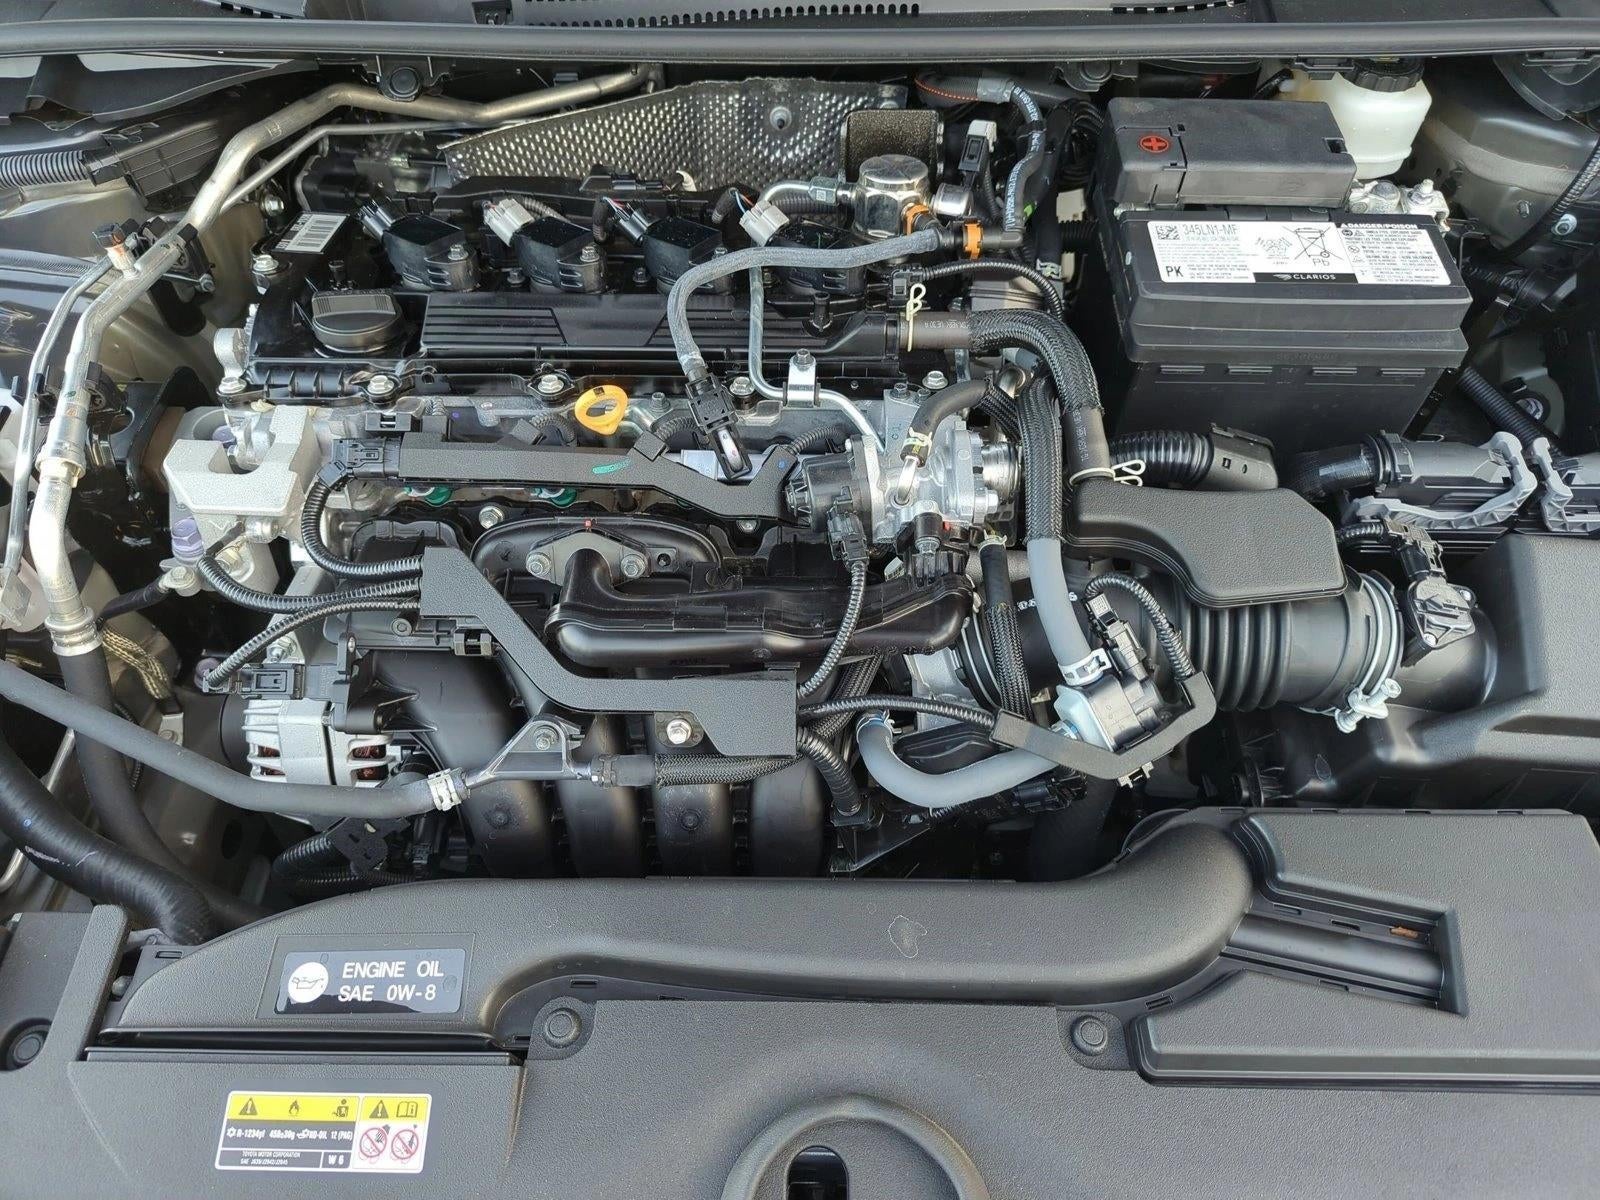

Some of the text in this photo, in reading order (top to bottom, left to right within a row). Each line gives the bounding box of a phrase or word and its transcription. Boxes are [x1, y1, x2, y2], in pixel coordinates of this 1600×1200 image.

[1182, 224, 1238, 236] 345LN1-MF
[1312, 257, 1331, 267] Pb
[1165, 265, 1184, 278] PK
[1293, 273, 1337, 281] CLARIOS
[342, 960, 444, 979] ENGINE OIL
[338, 983, 436, 1002] SAE 0W-8
[236, 1129, 266, 1140] R-1234yf
[330, 1130, 338, 1140] 12
[328, 1154, 345, 1165] W 6

########

__What the task requires__. Return the records above exactly as written, but without any of the pictures.

__Result__.
Some of the text in this photo, in reading order (top to bottom, left to right within a row). Each line gives the bounding box of a phrase or word and its transcription. Boxes are [x1, y1, x2, y2], in pixel coordinates of this 1600×1200 image.

[1182, 224, 1238, 236] 345LN1-MF
[1312, 257, 1331, 267] Pb
[1165, 265, 1184, 278] PK
[1293, 273, 1337, 281] CLARIOS
[342, 960, 444, 979] ENGINE OIL
[338, 983, 436, 1002] SAE 0W-8
[236, 1129, 266, 1140] R-1234yf
[330, 1130, 338, 1140] 12
[328, 1154, 345, 1165] W 6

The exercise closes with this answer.